British Comedy Guide

OCD VD DOC

Not sure about this one - it makes me laugh but I don't know if it's a bit peurile, even for me. The idea is he's a returning sketch character who we'd see in a variety of situations, not just the clinic.

Anyway, comments welcomed.

OCD VD DOCTOR

1. INT. STD CLINIC SURGERY. DAY.

DOCTOR HARRIS IS IN HIS VD CLINIC SURGERY, FRANTICALLY SCRUBBING HIS HANDS IN THE SINK WITH A BRILLO PAD.

DOCTOR HARRIS:
Germs…die you bastards…die…

HE PRODUCES A RUBBER MALLET AND BEGINS HITTING HIS HAND WITH IT.

DOCTOR HARRIS:
Die!

A KNOCK ON THE DOOR. STARTLED, DOCTOR HARRIS QUICKLY COMPOSES HIMSELF, RETURNING TO HIS DESK.

DOCTOR HARRIS:
Come!

A MAN (STEVE) WALKS IN SHEEPISHLY. DOCTOR HARRIS' LIP CURLS IN DISGUST.

DOCTOR HARRIS:
Take a seat.

HE GOES TO SIT.

DOCTOR HARRIS:
Not that one! It's just been sterilized!

STEVE:
(POINTING TO ANOTHER CHAIR) There?

DOCTOR HARRIS:
Yes. The unclean one.

A QUICK SHOT OF THE CHAIR, ACCOMPANIED BY AN OMINOUS MUSICAL STING.

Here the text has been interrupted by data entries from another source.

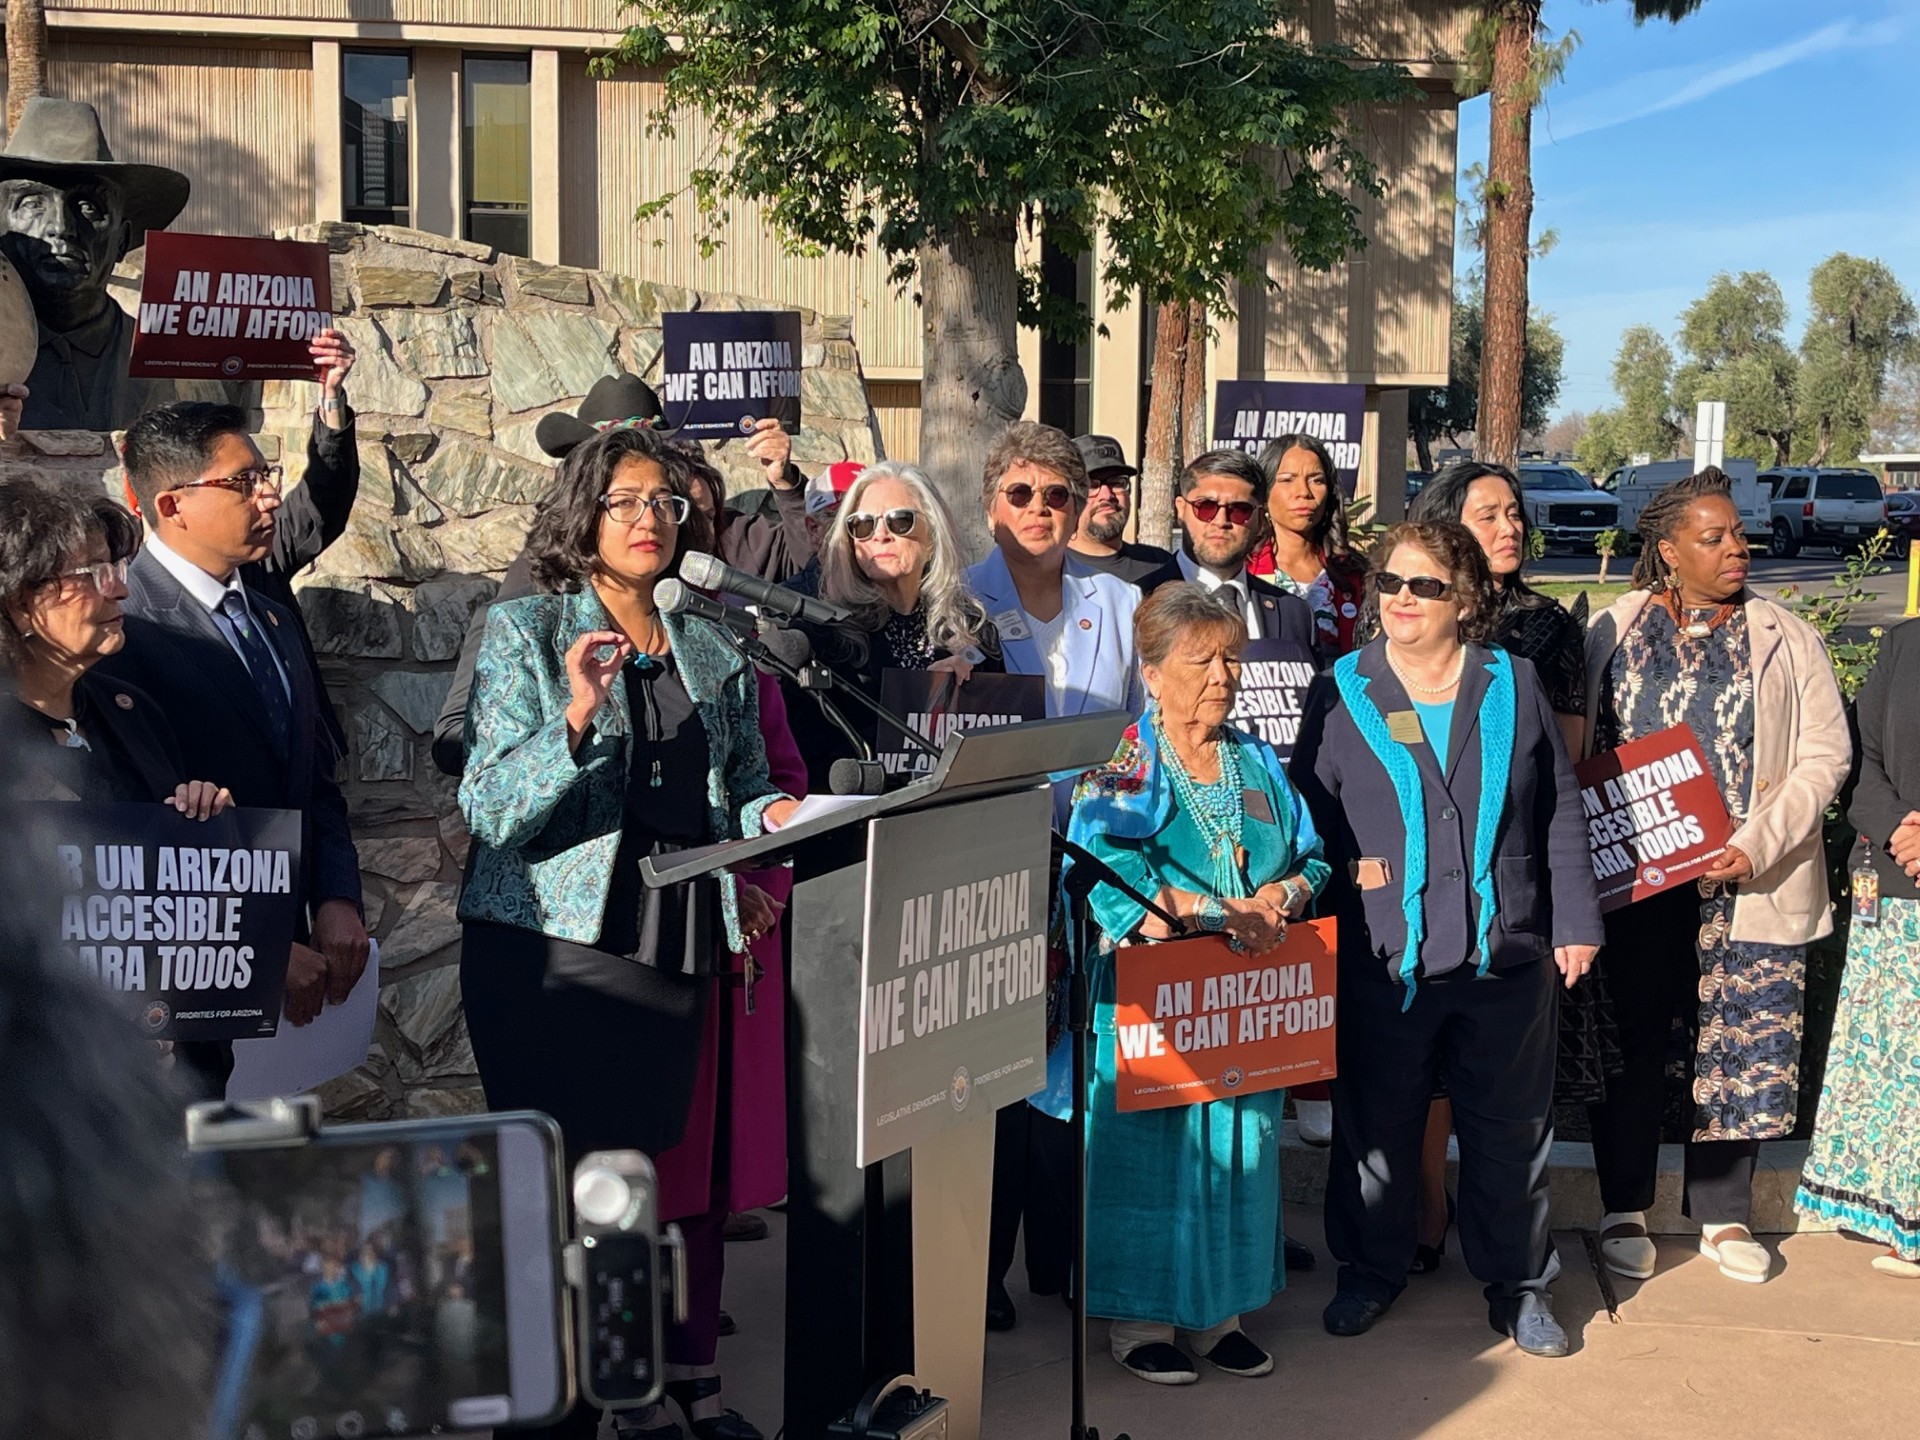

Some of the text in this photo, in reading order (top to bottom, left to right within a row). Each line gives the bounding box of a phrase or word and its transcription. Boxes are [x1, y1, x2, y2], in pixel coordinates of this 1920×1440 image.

[173, 270, 316, 308] AN ARIZONA
[139, 303, 182, 335] WE
[186, 306, 240, 338] CAN
[689, 341, 792, 370] AN ARIZONA
[664, 370, 801, 401] WE CAN AFFORD
[1233, 410, 1346, 441] AN ARIZONA
[903, 713, 932, 750] AN
[1603, 748, 1703, 809] ARIZONA
[95, 845, 145, 890] UN
[156, 846, 290, 893] ARIZONA
[1591, 843, 1636, 880] ARA
[1628, 814, 1705, 864] TODOS
[61, 895, 243, 941] ACCESIBLE
[898, 869, 1030, 968] AN ARIZONA
[157, 946, 255, 990] TODOS
[1154, 962, 1314, 1019] AN ARIZONA
[175, 1008, 263, 1019] PRIORITIES FOR ARIZONA
[867, 934, 1046, 1054] WE CAN AFFORD
[1118, 994, 1335, 1060] WE CAN AFFORD
[876, 1103, 913, 1127] LEGISLATIVE
[973, 1069, 1002, 1087] PRIORITIES
[1001, 1064, 1012, 1076] FOR
[1012, 1056, 1035, 1072] ARIZONA
[1134, 1084, 1176, 1096] LEGISLATIVE
[1248, 1066, 1281, 1077] PRIORITIES
[1281, 1064, 1294, 1072] FOR
[1294, 1059, 1321, 1069] ARIZONA
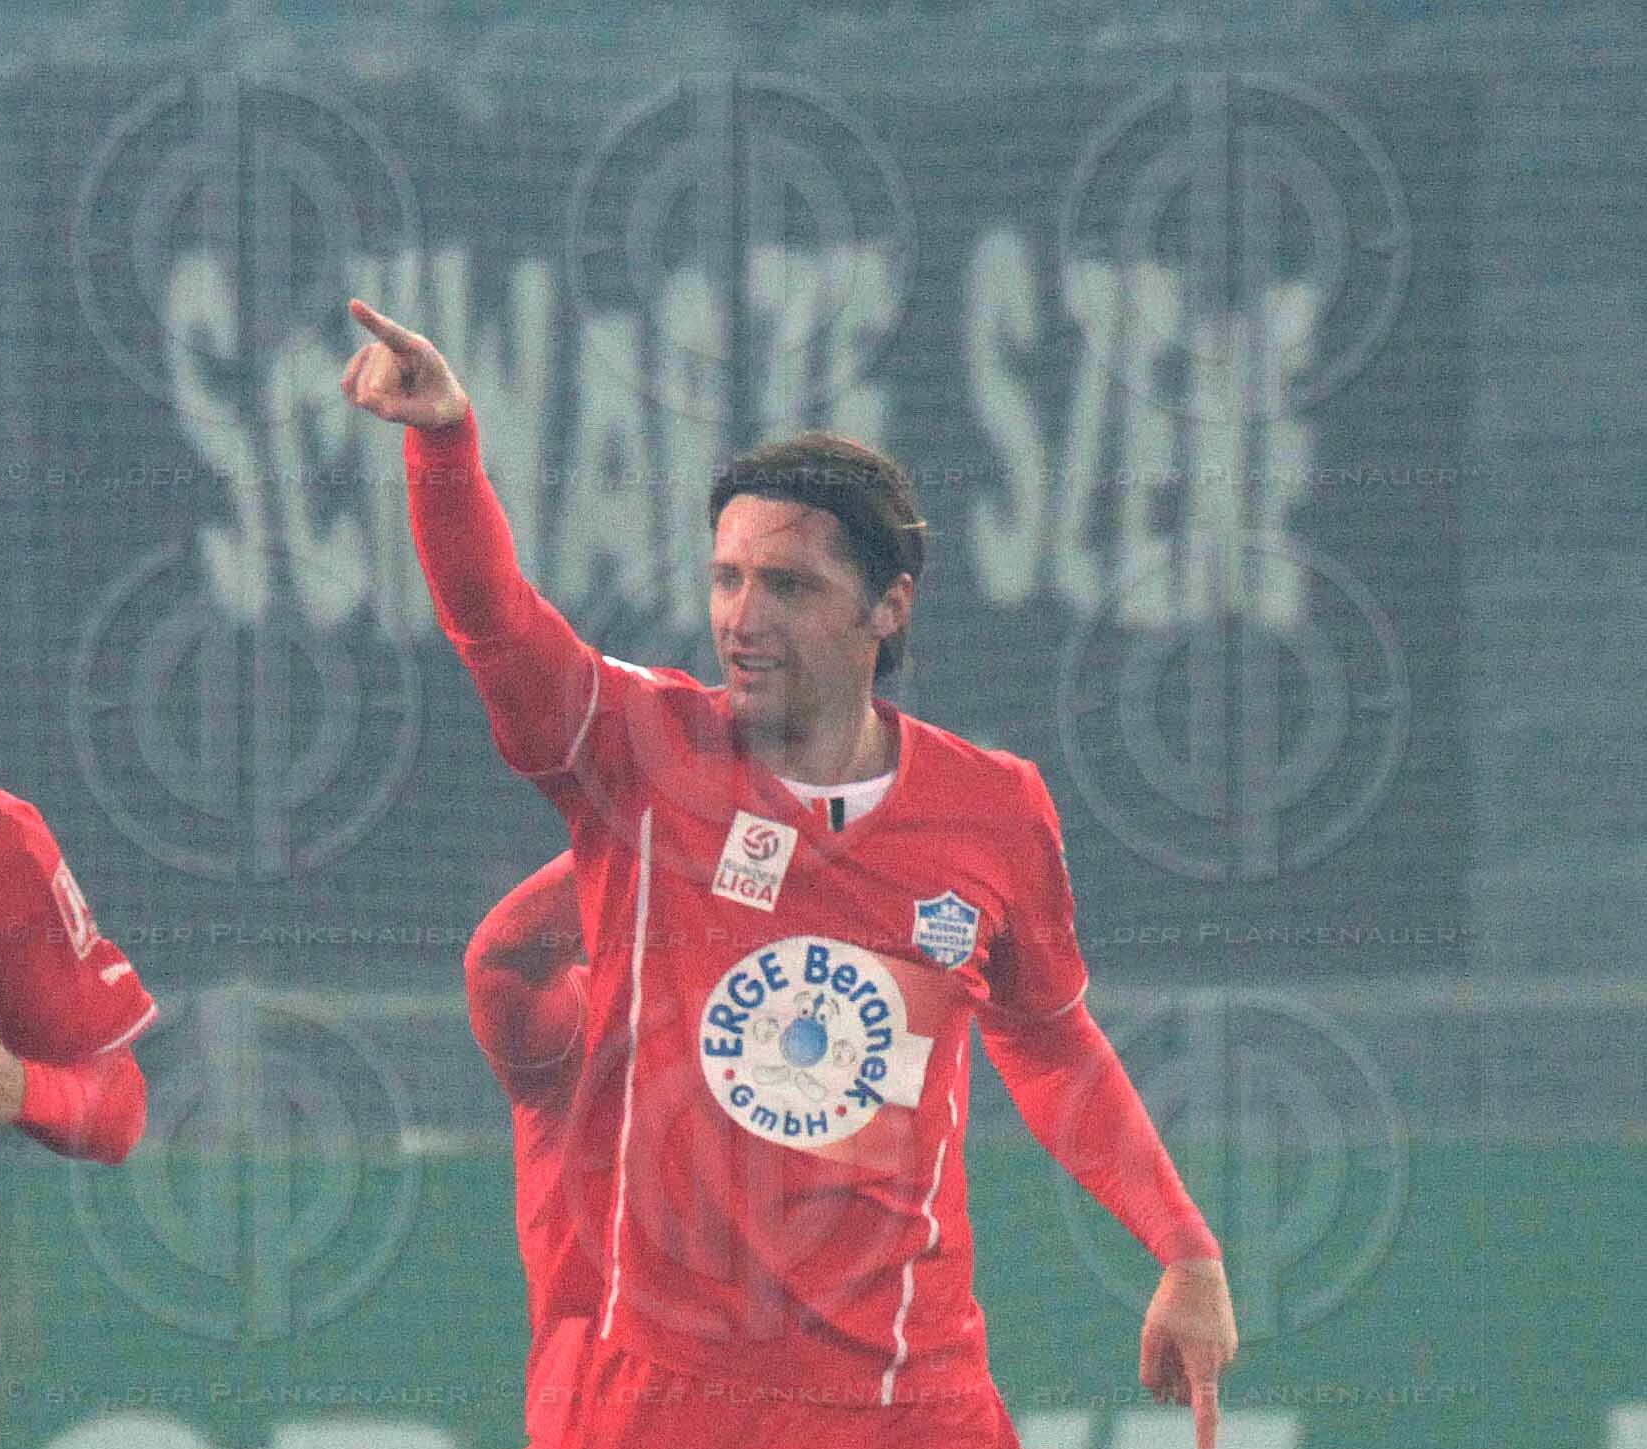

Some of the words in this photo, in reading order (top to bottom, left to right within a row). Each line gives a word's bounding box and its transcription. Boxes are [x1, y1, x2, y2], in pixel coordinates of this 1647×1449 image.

[717, 871, 772, 902] LIGA
[704, 951, 790, 1058] ERGE
[803, 943, 893, 1108] Beranek
[729, 1083, 829, 1137] GmbH
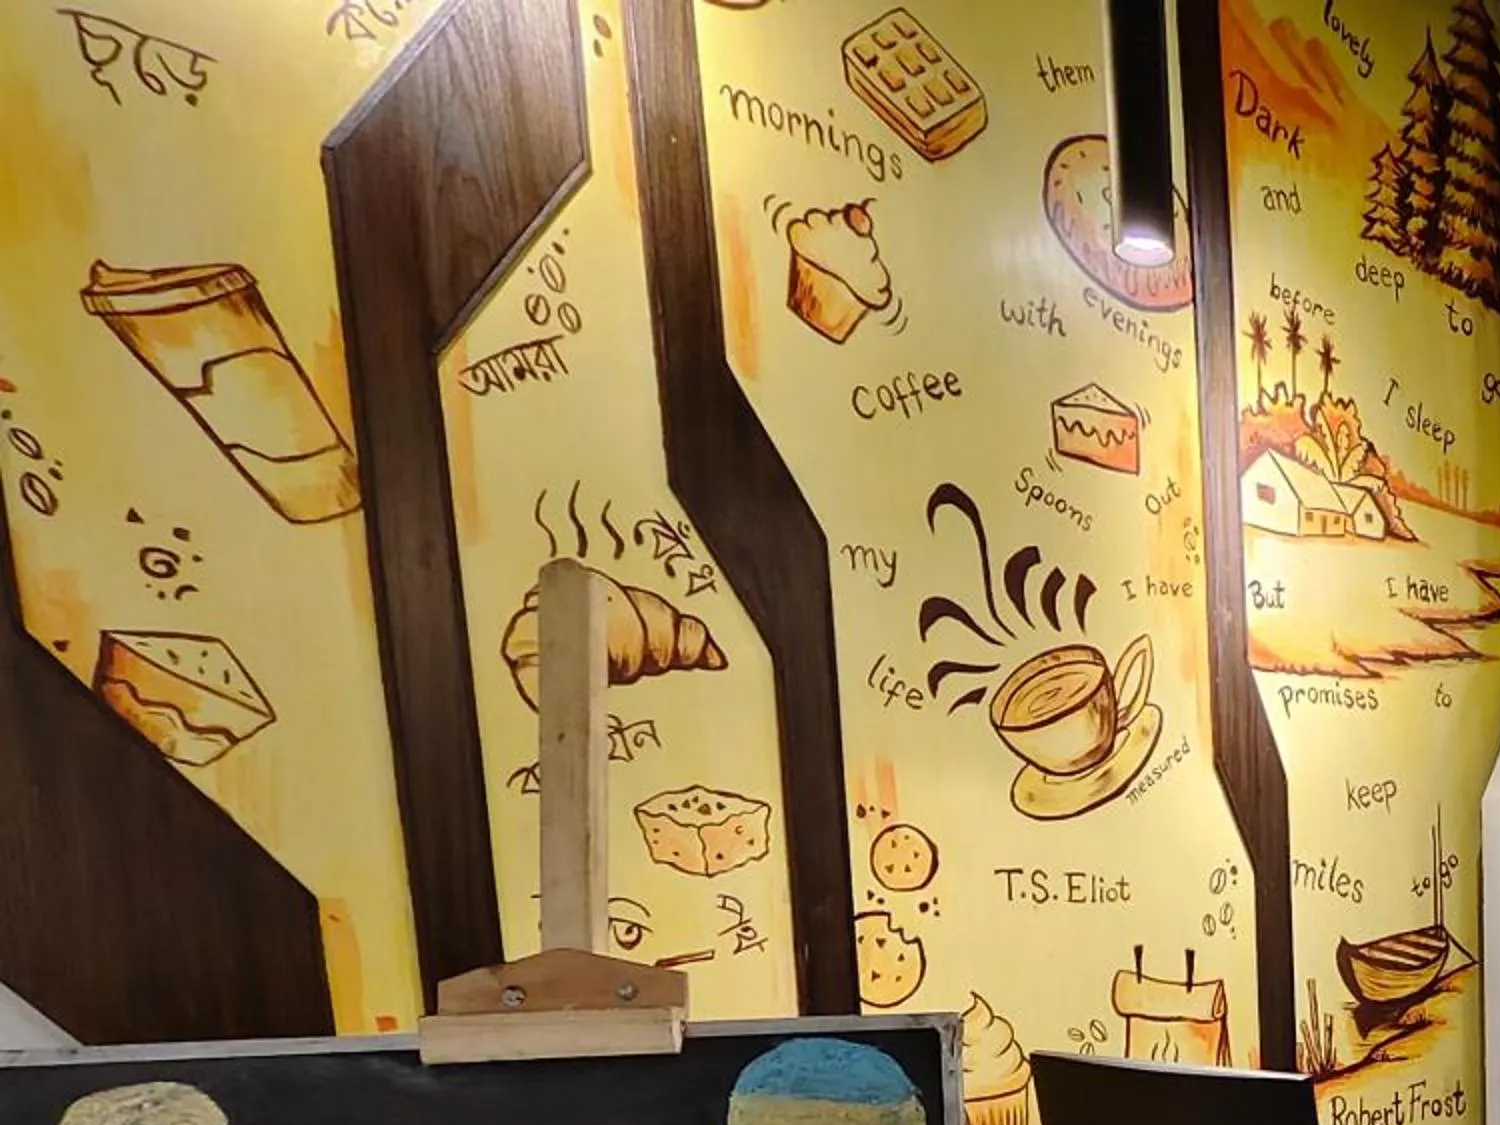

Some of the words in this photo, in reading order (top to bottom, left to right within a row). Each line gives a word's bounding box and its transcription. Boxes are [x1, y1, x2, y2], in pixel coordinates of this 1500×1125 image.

[1322, 0, 1374, 78] lovely
[1037, 54, 1094, 96] them
[720, 83, 904, 182] mornings
[1230, 69, 1305, 160] Dark
[1261, 184, 1302, 215] and
[1269, 273, 1336, 326] before
[1355, 256, 1405, 303] deep
[1001, 300, 1067, 338] with
[1083, 286, 1183, 373] evenings
[1445, 301, 1473, 337] to
[1383, 377, 1399, 406] I
[1405, 402, 1457, 455] sleep
[840, 542, 897, 589] my
[1122, 580, 1136, 600] I
[1146, 576, 1193, 598] have
[1248, 580, 1285, 610] But
[1386, 576, 1398, 598] I
[1407, 576, 1449, 603] have
[868, 654, 925, 710] life
[1278, 682, 1379, 719] promises
[1435, 684, 1453, 708] to
[1126, 735, 1191, 805] measured
[1345, 778, 1397, 814] keep
[1293, 855, 1365, 904] miles
[1408, 1080, 1466, 1123] Frost

STEVE PULLS THE CHAIR UP AND SITS.

DOCTOR HARRIS:
So what seems to be the problem?

STEVE:
Well…it's a bit embarrassing really. I've got this itchy rash…(POINTING) down there.

DOCTOR HARRIS:
Oh Christ…

HE PRODUCES A SQUIRTY SPRAY DISINFECTANT BOTTLE AND GIVES HIMSELF A GOOD MISTING.

STEVE:
Are you alright?

DOCTOR HARRIS:
Yes, fine, fine. This rash…has it been seeping…(HE CAN'T BRING HIMSELF TO SAY THE WORD AND SPELLS IT)…P.U.S.?

STEVE:
Pus?

DOCTOR HARRIS GAGS AND NODS.

STEVE:
Erm…no, I don't think so.

DOCTOR HARRIS:
Oh thank God. I can't do pus. I just can't. Right then…I suppose I'd better take a look. Pop your trousers down.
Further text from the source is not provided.